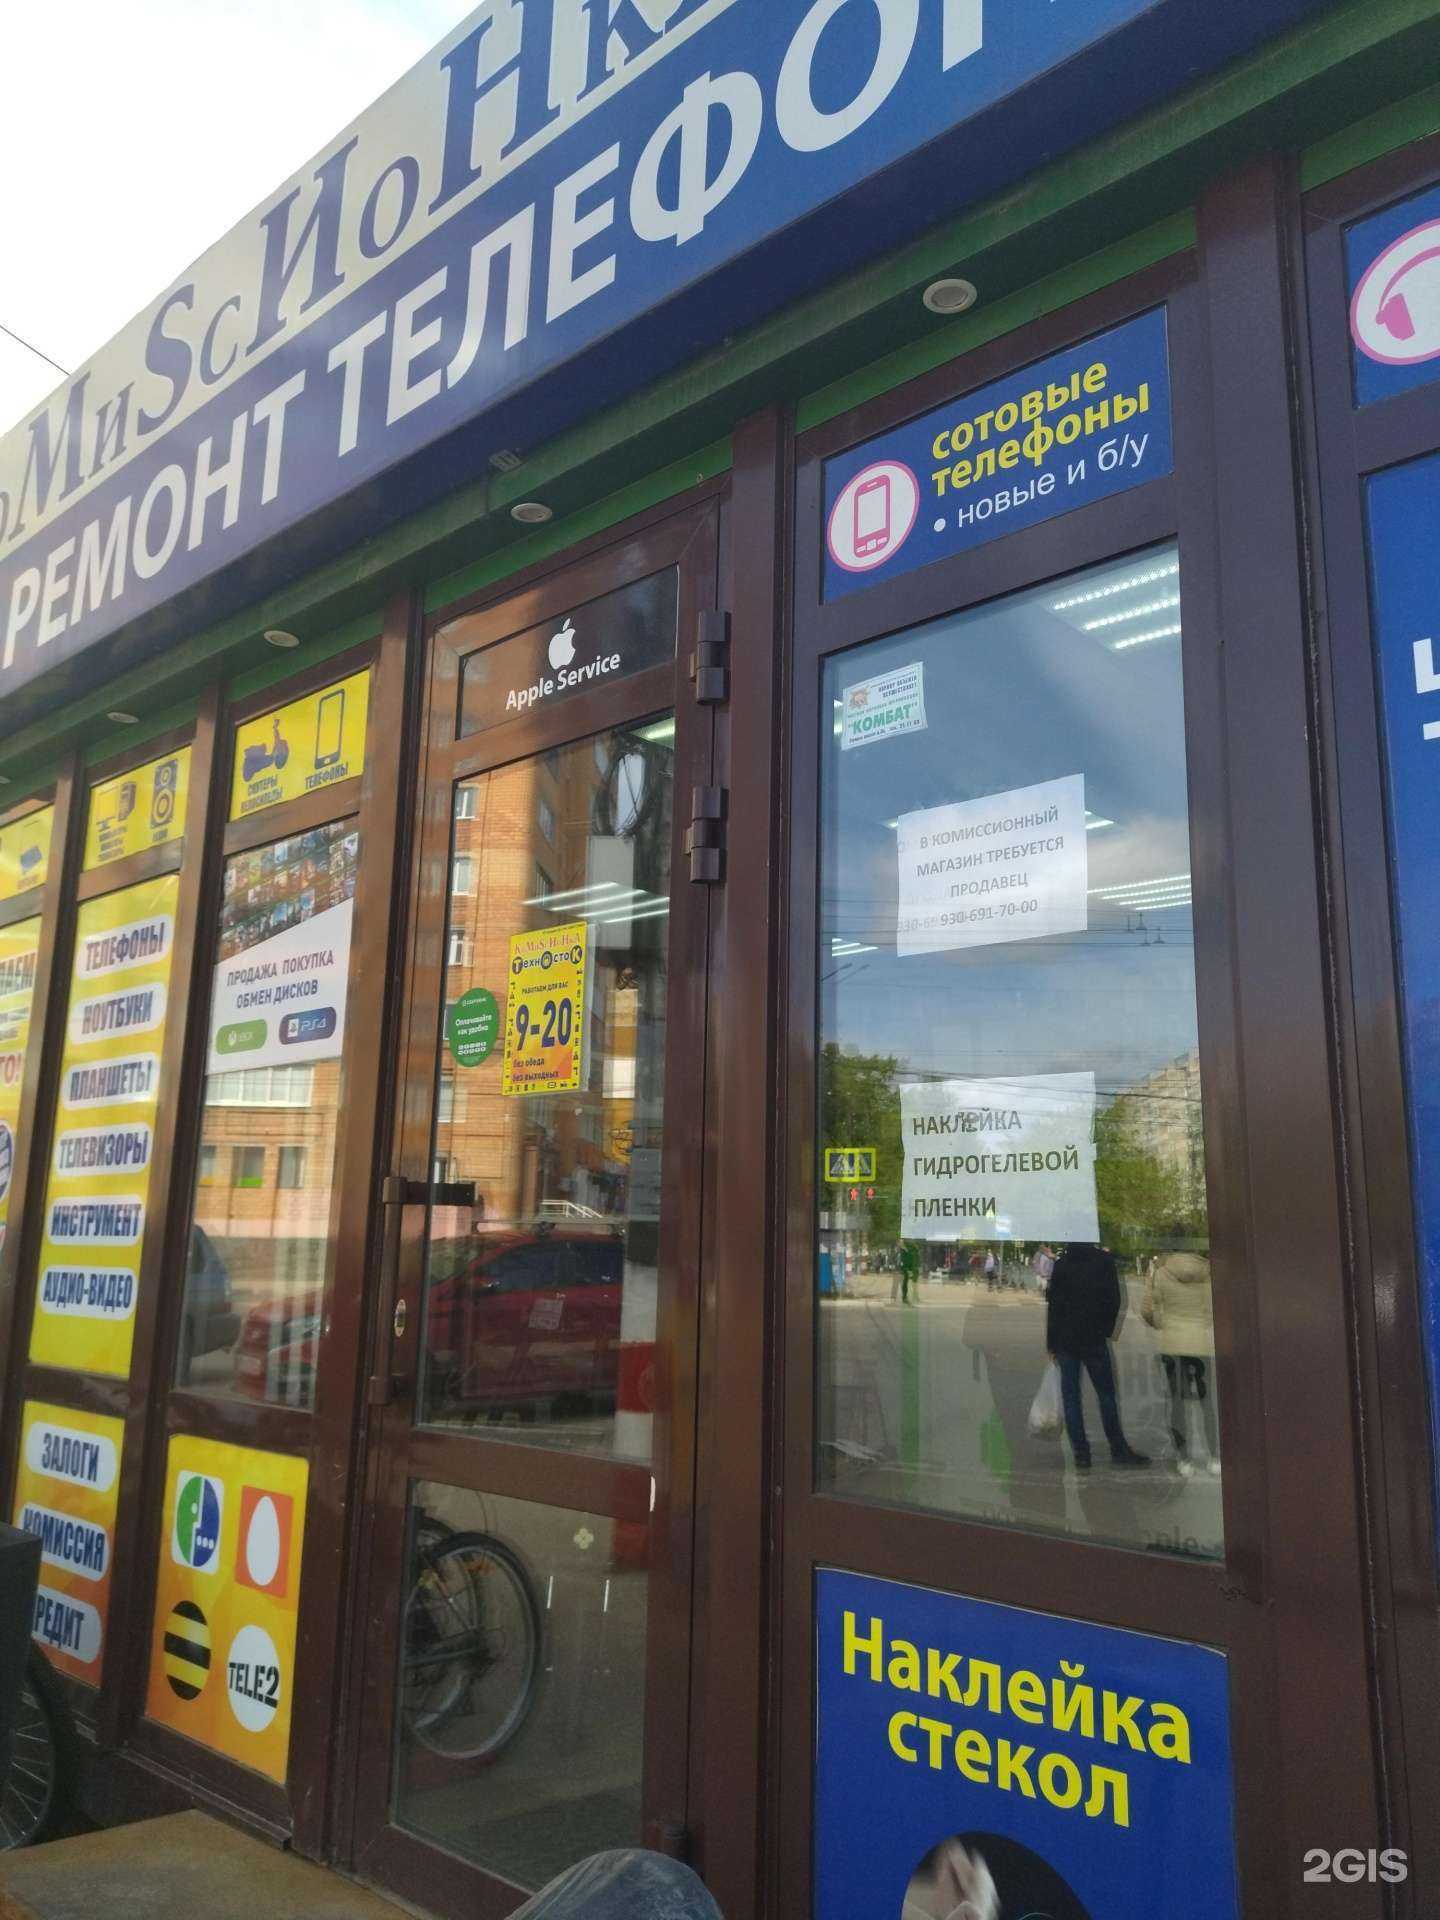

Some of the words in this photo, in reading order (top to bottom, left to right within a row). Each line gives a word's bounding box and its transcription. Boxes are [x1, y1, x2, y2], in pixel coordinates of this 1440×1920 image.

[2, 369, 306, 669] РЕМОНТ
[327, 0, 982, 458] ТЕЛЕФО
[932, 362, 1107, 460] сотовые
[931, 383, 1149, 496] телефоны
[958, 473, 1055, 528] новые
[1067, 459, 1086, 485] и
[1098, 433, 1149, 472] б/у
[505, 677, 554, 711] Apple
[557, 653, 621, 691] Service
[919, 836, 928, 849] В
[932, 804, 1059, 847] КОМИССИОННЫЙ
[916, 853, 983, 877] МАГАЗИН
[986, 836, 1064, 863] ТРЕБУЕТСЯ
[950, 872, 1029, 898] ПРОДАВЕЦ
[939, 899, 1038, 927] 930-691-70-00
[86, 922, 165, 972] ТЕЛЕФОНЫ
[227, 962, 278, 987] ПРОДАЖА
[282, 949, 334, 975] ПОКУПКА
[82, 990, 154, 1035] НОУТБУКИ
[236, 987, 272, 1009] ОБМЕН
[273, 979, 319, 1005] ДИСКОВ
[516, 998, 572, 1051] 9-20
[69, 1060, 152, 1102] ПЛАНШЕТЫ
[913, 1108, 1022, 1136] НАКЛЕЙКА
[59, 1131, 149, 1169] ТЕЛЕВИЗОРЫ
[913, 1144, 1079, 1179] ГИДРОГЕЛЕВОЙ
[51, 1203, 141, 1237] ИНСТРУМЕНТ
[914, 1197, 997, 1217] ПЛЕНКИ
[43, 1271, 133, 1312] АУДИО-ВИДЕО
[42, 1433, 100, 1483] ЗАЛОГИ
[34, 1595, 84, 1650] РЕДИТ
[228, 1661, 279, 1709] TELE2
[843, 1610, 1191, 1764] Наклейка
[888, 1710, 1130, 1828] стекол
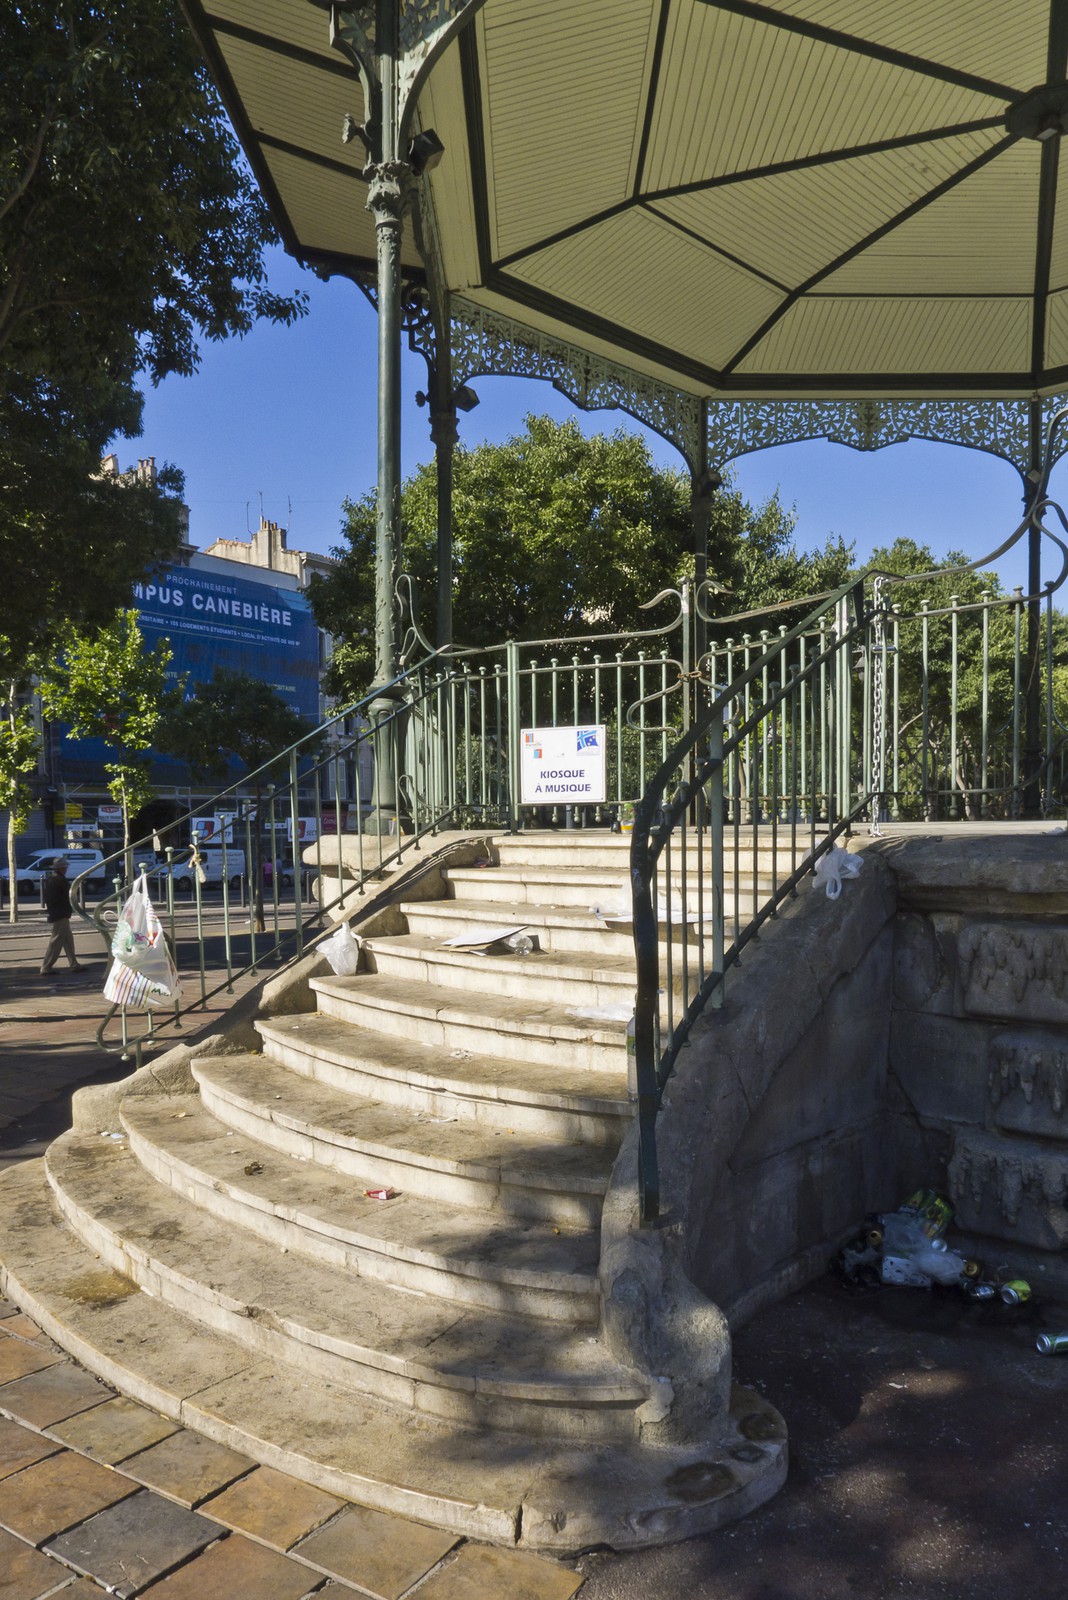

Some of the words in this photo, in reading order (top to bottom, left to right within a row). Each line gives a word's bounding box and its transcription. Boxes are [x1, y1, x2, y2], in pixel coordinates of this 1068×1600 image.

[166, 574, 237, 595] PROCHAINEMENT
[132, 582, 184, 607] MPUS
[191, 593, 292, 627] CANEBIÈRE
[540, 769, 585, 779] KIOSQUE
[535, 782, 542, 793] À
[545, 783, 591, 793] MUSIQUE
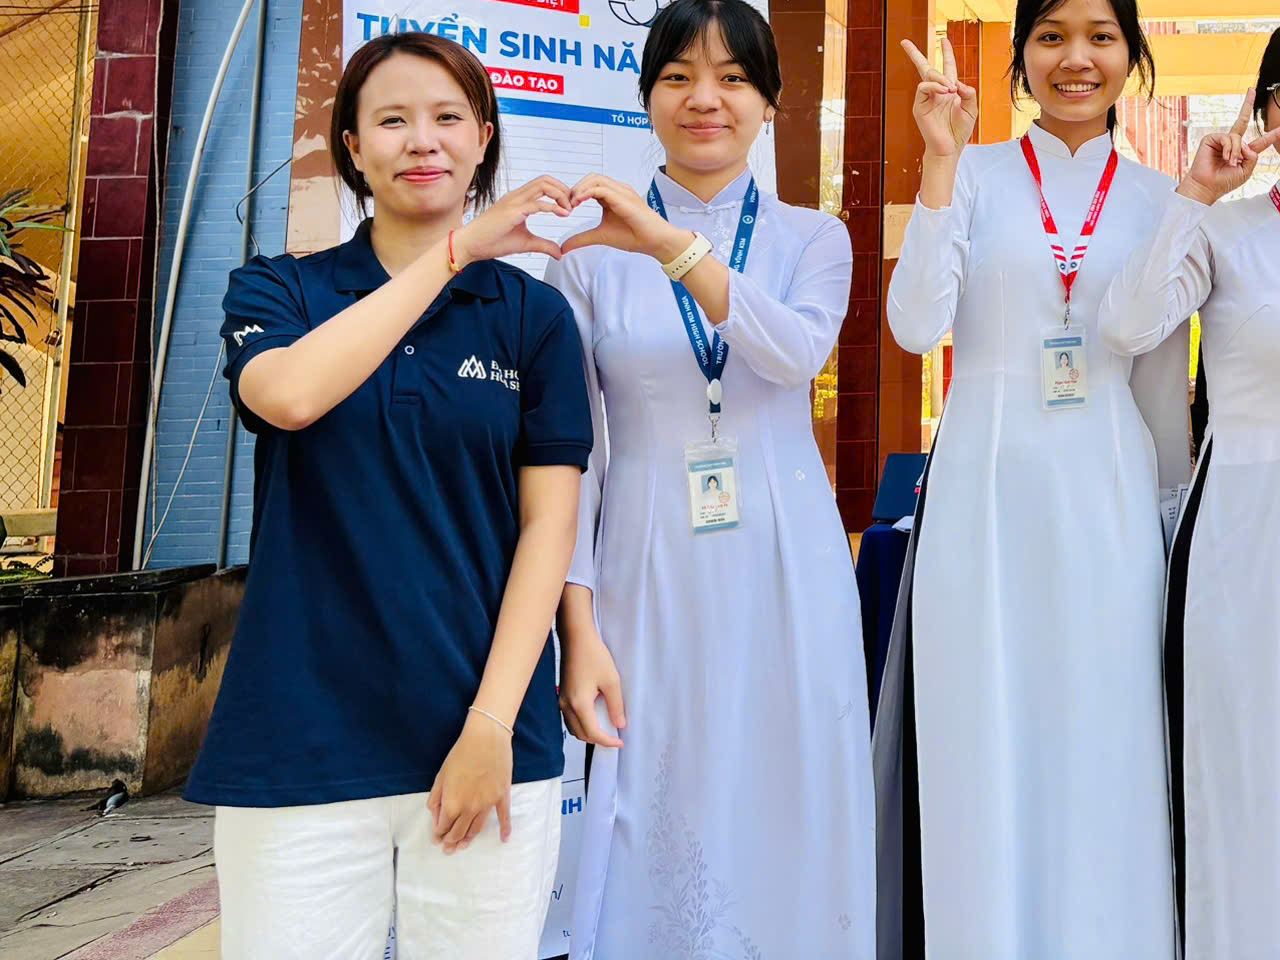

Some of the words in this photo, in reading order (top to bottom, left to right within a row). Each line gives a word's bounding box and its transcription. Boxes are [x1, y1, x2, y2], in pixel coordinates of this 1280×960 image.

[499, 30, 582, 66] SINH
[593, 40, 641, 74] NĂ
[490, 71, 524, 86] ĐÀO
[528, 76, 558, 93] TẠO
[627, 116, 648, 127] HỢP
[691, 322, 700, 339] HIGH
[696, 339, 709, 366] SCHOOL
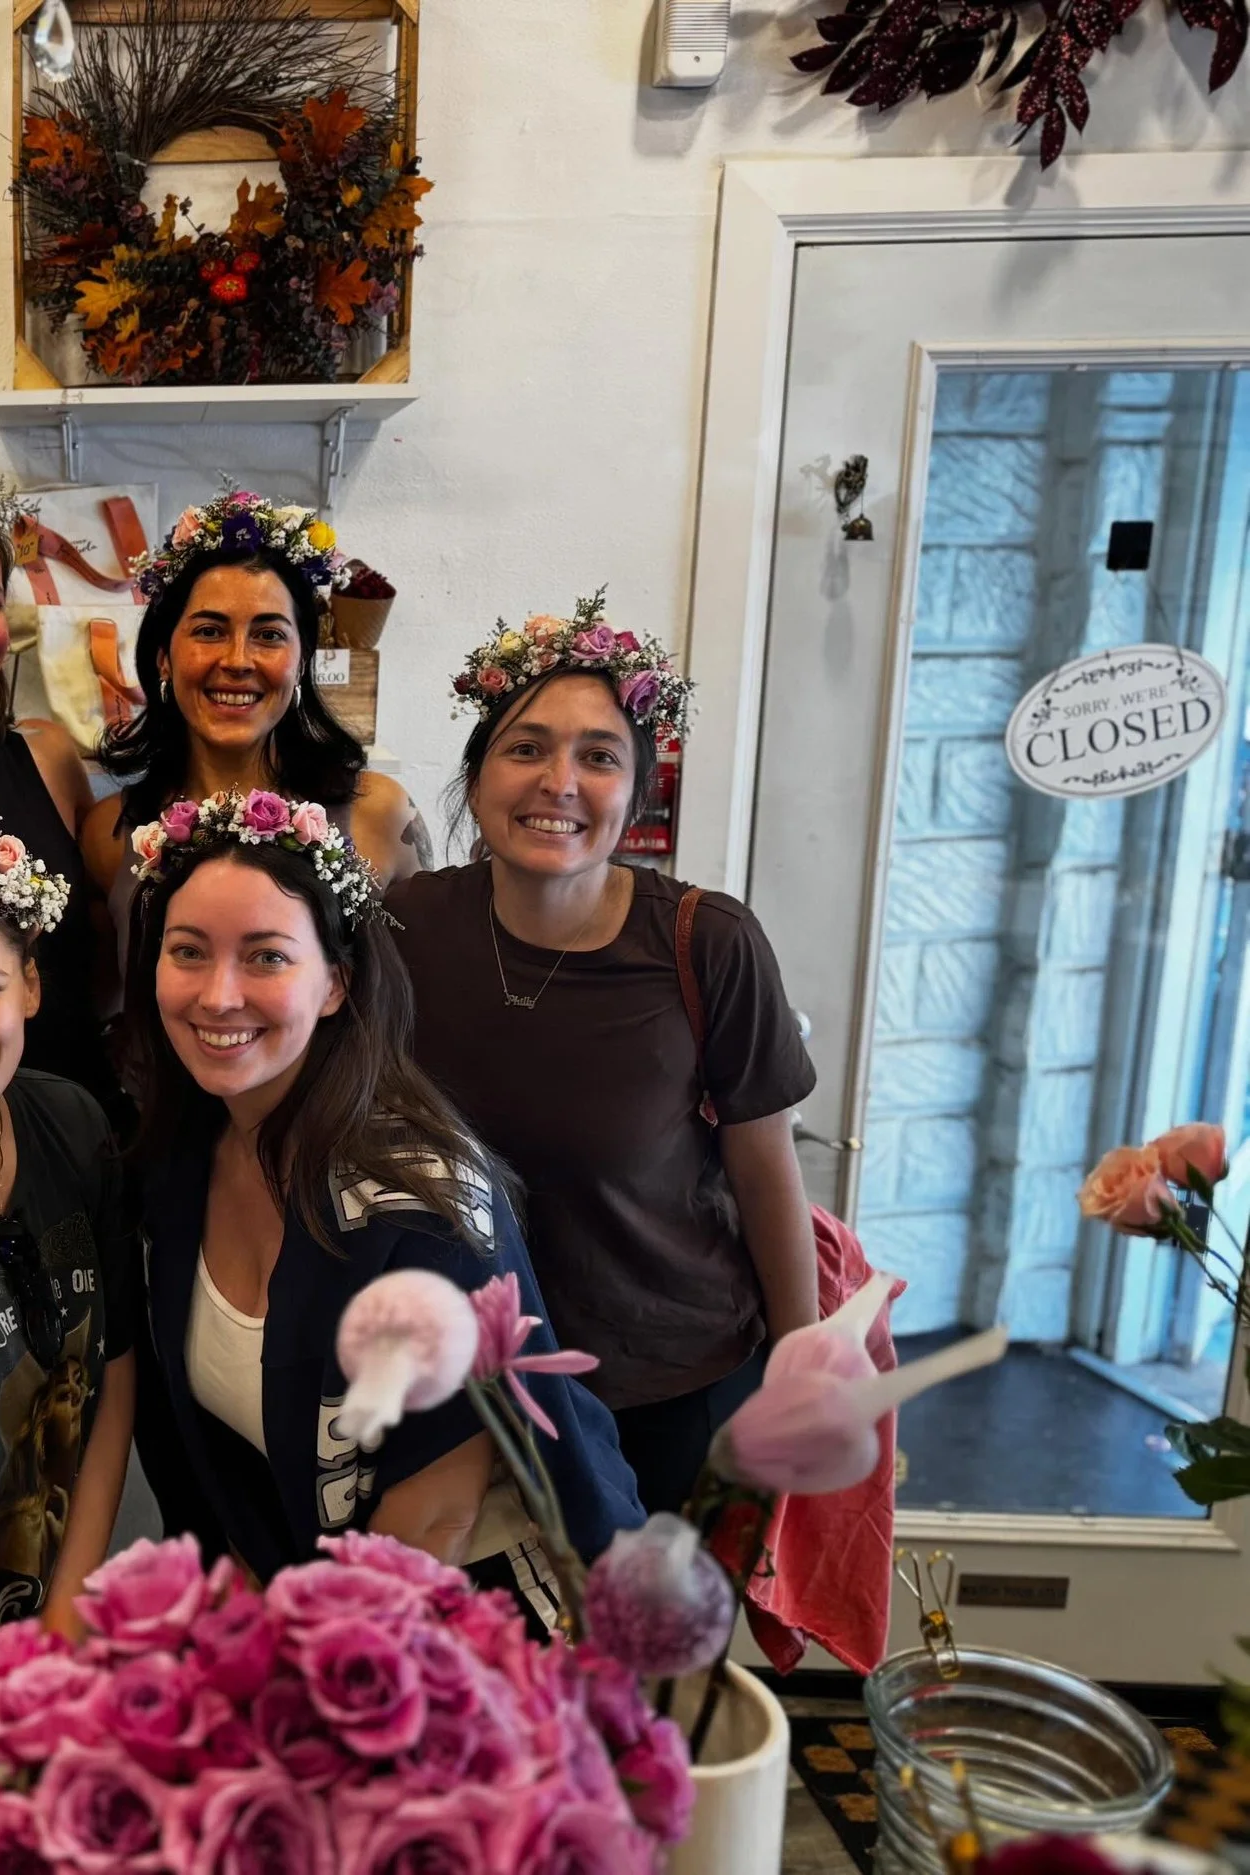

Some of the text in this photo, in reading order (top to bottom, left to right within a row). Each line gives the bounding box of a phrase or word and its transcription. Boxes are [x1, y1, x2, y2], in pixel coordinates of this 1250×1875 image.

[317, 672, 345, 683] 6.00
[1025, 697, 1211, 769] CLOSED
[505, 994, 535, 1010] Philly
▬▬▬
-- Requirement --
Leave every picture out and output the records exactly.

-- Task output --
Some of the words in this photo, in reading order (top to bottom, left to right within a row). Each line gives a word's bounding box and its transcription. Boxes are [x1, y1, x2, y2], in pixel coordinates of this 1440×1920 image.

[2, 369, 306, 669] РЕМОНТ
[327, 0, 982, 458] ТЕЛЕФО
[932, 362, 1107, 460] сотовые
[931, 383, 1149, 496] телефоны
[958, 473, 1055, 528] новые
[1067, 459, 1086, 485] и
[1098, 433, 1149, 472] б/у
[505, 677, 554, 711] Apple
[557, 653, 621, 691] Service
[919, 836, 928, 849] В
[932, 804, 1059, 847] КОМИССИОННЫЙ
[916, 853, 983, 877] МАГАЗИН
[986, 836, 1064, 863] ТРЕБУЕТСЯ
[950, 872, 1029, 898] ПРОДАВЕЦ
[939, 899, 1038, 927] 930-691-70-00
[86, 922, 165, 972] ТЕЛЕФОНЫ
[227, 962, 278, 987] ПРОДАЖА
[282, 949, 334, 975] ПОКУПКА
[82, 990, 154, 1035] НОУТБУКИ
[236, 987, 272, 1009] ОБМЕН
[273, 979, 319, 1005] ДИСКОВ
[516, 998, 572, 1051] 9-20
[69, 1060, 152, 1102] ПЛАНШЕТЫ
[913, 1108, 1022, 1136] НАКЛЕЙКА
[59, 1131, 149, 1169] ТЕЛЕВИЗОРЫ
[913, 1144, 1079, 1179] ГИДРОГЕЛЕВОЙ
[51, 1203, 141, 1237] ИНСТРУМЕНТ
[914, 1197, 997, 1217] ПЛЕНКИ
[43, 1271, 133, 1312] АУДИО-ВИДЕО
[42, 1433, 100, 1483] ЗАЛОГИ
[34, 1595, 84, 1650] РЕДИТ
[228, 1661, 279, 1709] TELE2
[843, 1610, 1191, 1764] Наклейка
[888, 1710, 1130, 1828] стекол

Some of the words in this photo, in reading order (top to bottom, left to right within a row). Each line gives a word's bounding box and its transcription. Boxes are [x1, y1, x2, y2], in pixel coordinates of this 1068×1600 image.

[166, 574, 237, 595] PROCHAINEMENT
[132, 582, 184, 607] MPUS
[191, 593, 292, 627] CANEBIÈRE
[540, 769, 585, 779] KIOSQUE
[535, 782, 542, 793] À
[545, 783, 591, 793] MUSIQUE

Some of the words in this photo, in reading order (top to bottom, left to right within a row). Each line gives a word's bounding box and its transcription. Boxes are [x1, y1, x2, y2], in pixel coordinates of this 1280×960 image.

[499, 30, 582, 66] SINH
[593, 40, 641, 74] NĂ
[490, 71, 524, 86] ĐÀO
[528, 76, 558, 93] TẠO
[627, 116, 648, 127] HỢP
[691, 322, 700, 339] HIGH
[696, 339, 709, 366] SCHOOL

Some of the text in this photo, in reading order (top to bottom, left to right within a row). Each line gives the bounding box of a phrase or word and its transcription. Boxes are [x1, y1, x2, y2], in pixel coordinates of this 1250×1875 image.

[317, 672, 345, 683] 6.00
[1025, 697, 1211, 769] CLOSED
[505, 994, 535, 1010] Philly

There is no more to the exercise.